Why other options are incorrect:
- Option A — This option is factually incorrect or describes a concept from a different domain, making it an invalid choice for this question.
- Option C — This option is factually incorrect or describes a concept from a different domain, making it an invalid choice for this question.
- Option D — This option is factually incorrect or describes a concept from a different domain, making it an invalid choice for this question.


Q9. Which of the following best describes Example: If 10% of a program?

✅ Correct Answer: Option A

Explanation:
The correct answer is Option A — sequential (f = 0.1):.

This concept is covered under High Performance Computing in the CBDT Assistant Director Systems syllabus.
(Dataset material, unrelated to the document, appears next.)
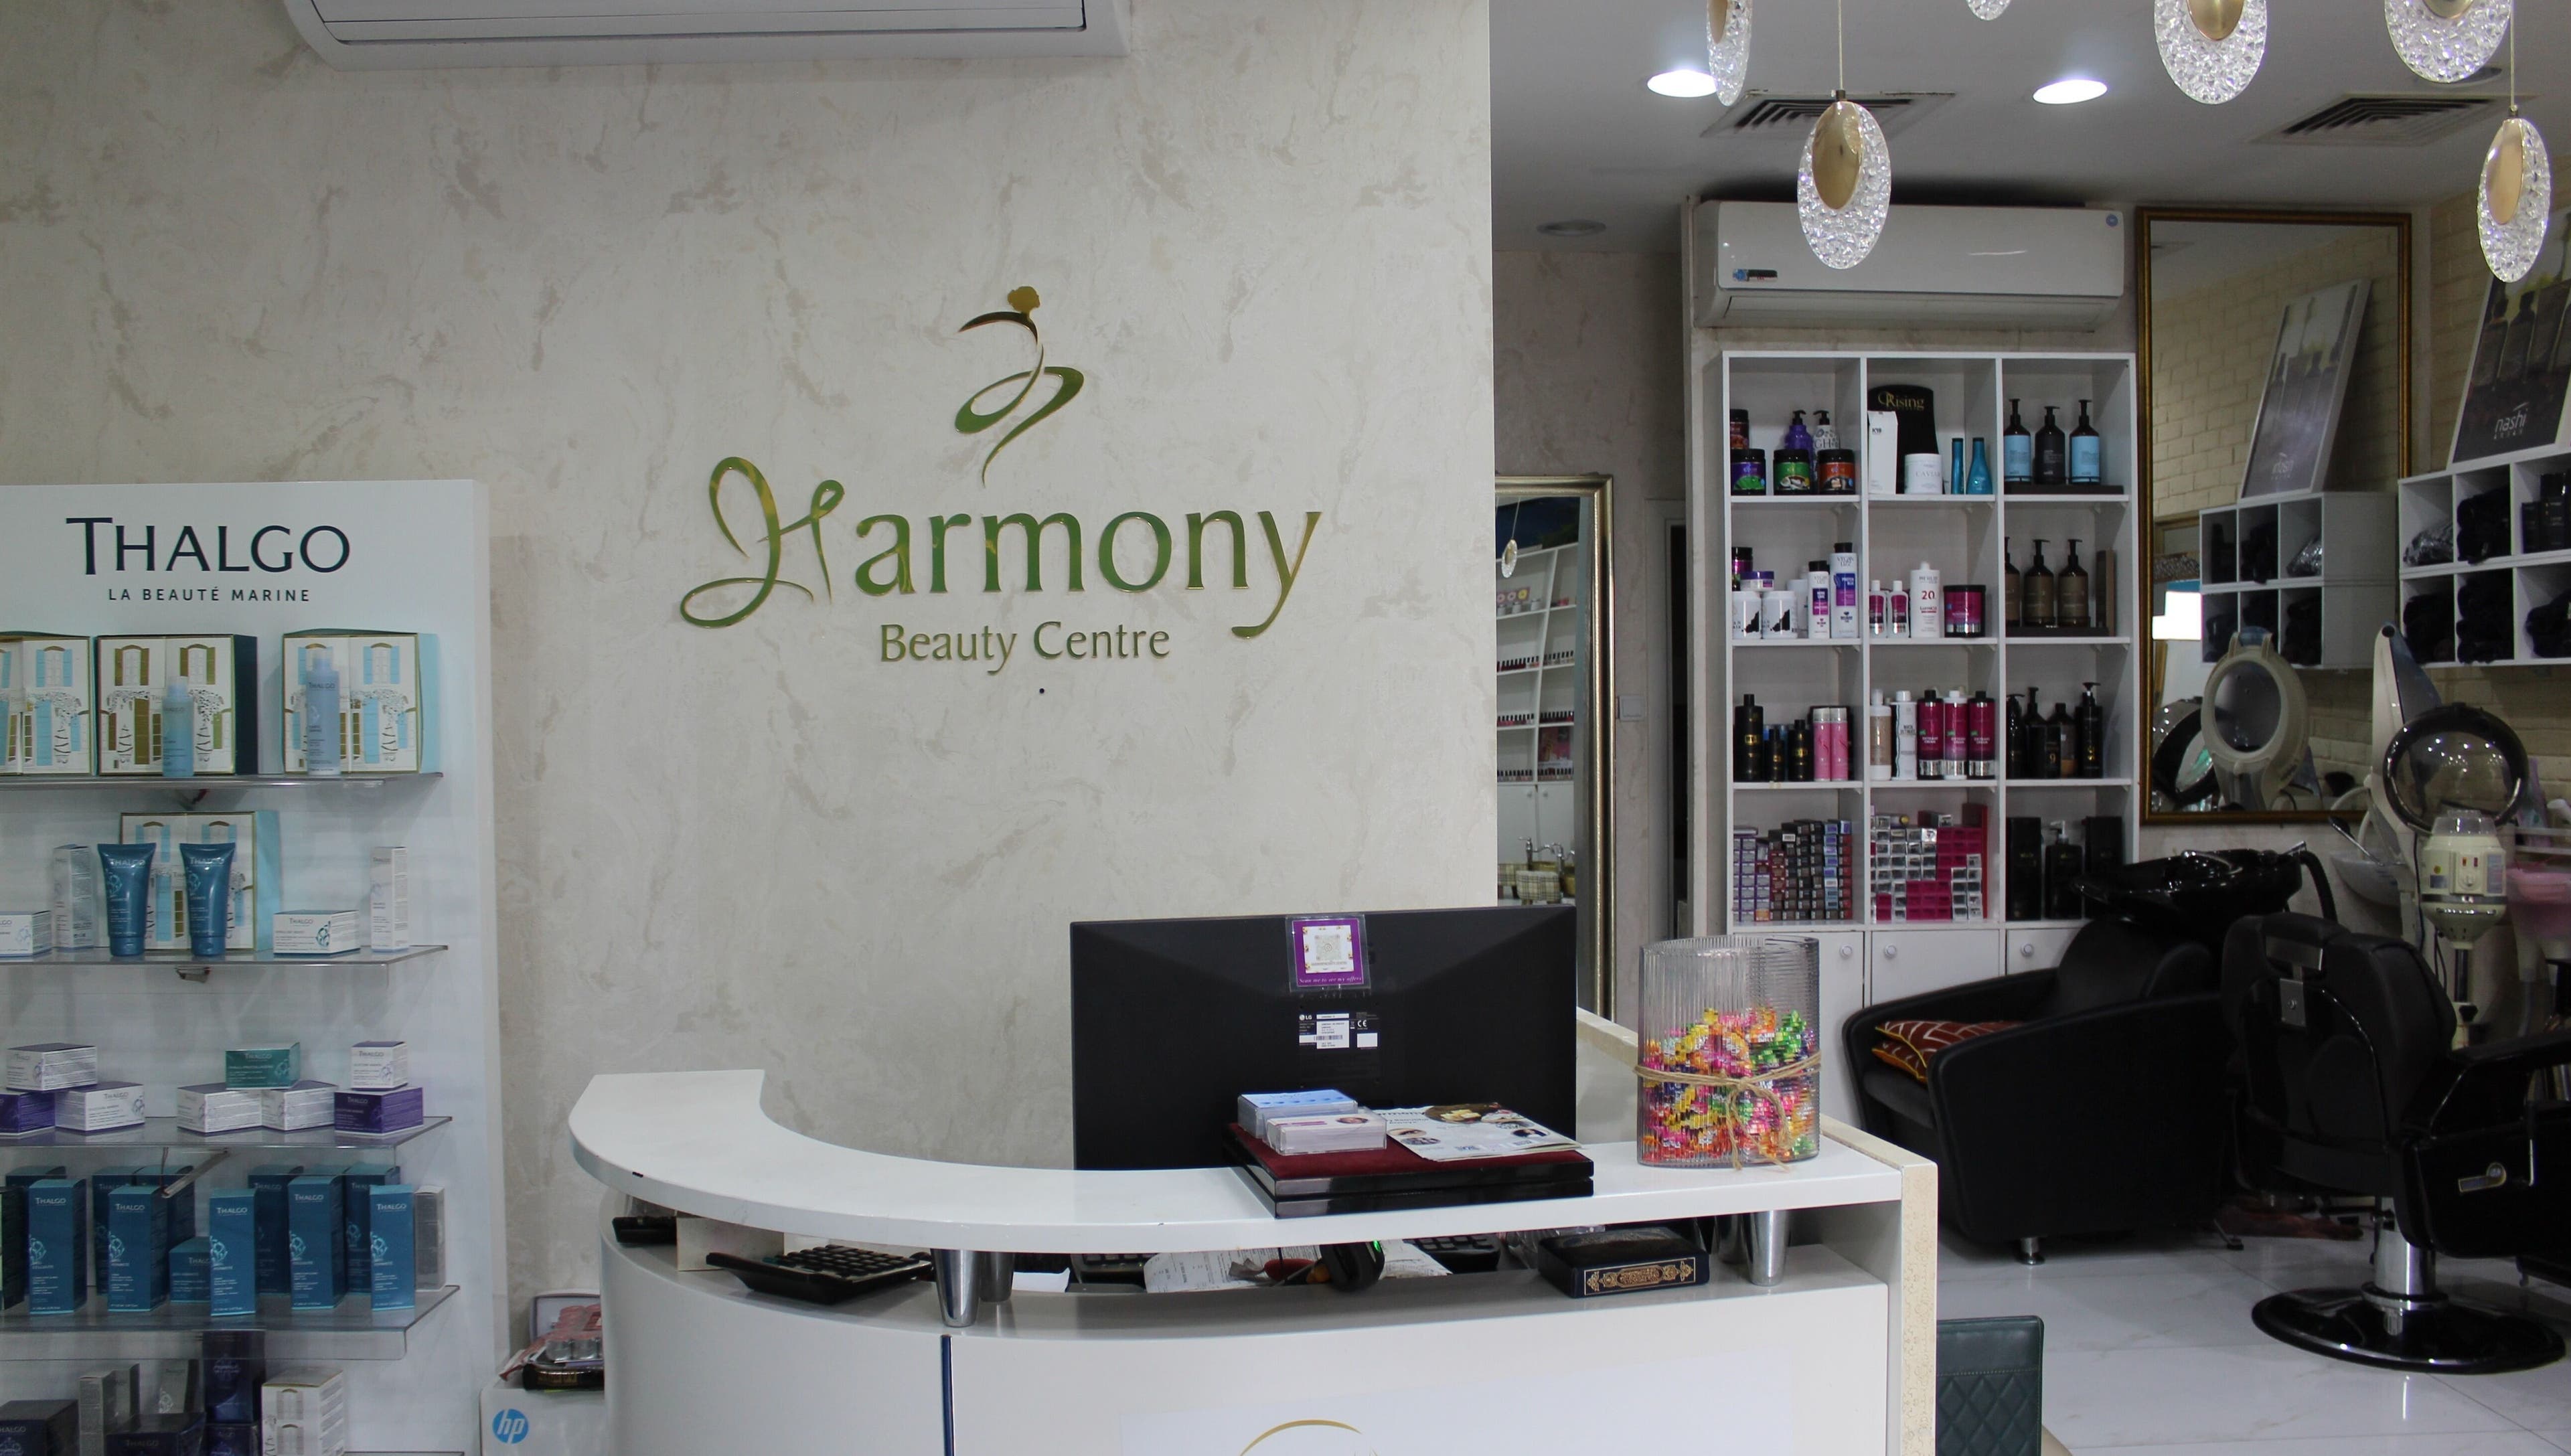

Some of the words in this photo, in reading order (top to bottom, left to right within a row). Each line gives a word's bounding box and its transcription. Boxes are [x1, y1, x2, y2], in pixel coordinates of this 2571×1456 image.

The answer is established through standard definitions and widely accepted principles in the field.

Why other options are incorrect:
- Option B — This option is factually incorrect or describes a concept from a different domain, making it an invalid choice for this question.
- Option C — This option is factually incorrect or describes a concept from a different domain, making it an invalid choice for this question.
- Option D — This option is factually incorrect or describes a concept from a different domain, making it an invalid choice for this question.


Q10. Which of the following best describes Example: If serial fraction?

✅ Correct Answer: Option C

Explanation:
The correct answer is Option C — 5% (f = 0.05) with 100 processors:.

This concept is covered under High Performance Computing in the CBDT Assistant Director Systems syllabus. The answer is established through standard definitions and widely accepted principles in the field.

Why other options are incorrect:
- Option A — This option is factually incorrect or describes a concept from a different domain, making it an invalid choice for this question.
- Option B — This option is factually incorrect or describes a concept from a different domain, making it an invalid choice for this question.
- Option D — This option is factually incorrect or describes a concept from a different domain, making it an invalid choice for this question.


Q11. Which of the following best describes cluster?

✅ Correct Answer: Option B

Explanation:
The correct answer is Option B — a group of interconnected computers (nodes) that work together as a single system..

This concept is covered under High Performance Computing in the CBDT Assistant Director Systems syllabus. The answer is established through standard definitions and widely accepted principles in the field.

Why other options are incorrect:
- Option A — This option is factually incorrect or describes a concept from a different domain, making it an invalid choice for this question.
- Option C — This option is factually incorrect or describes a concept from a different domain, making it an invalid choice for this question.
- Option D — This option is factually incorrect or describes a concept from a different domain, making it an invalid choice for this question.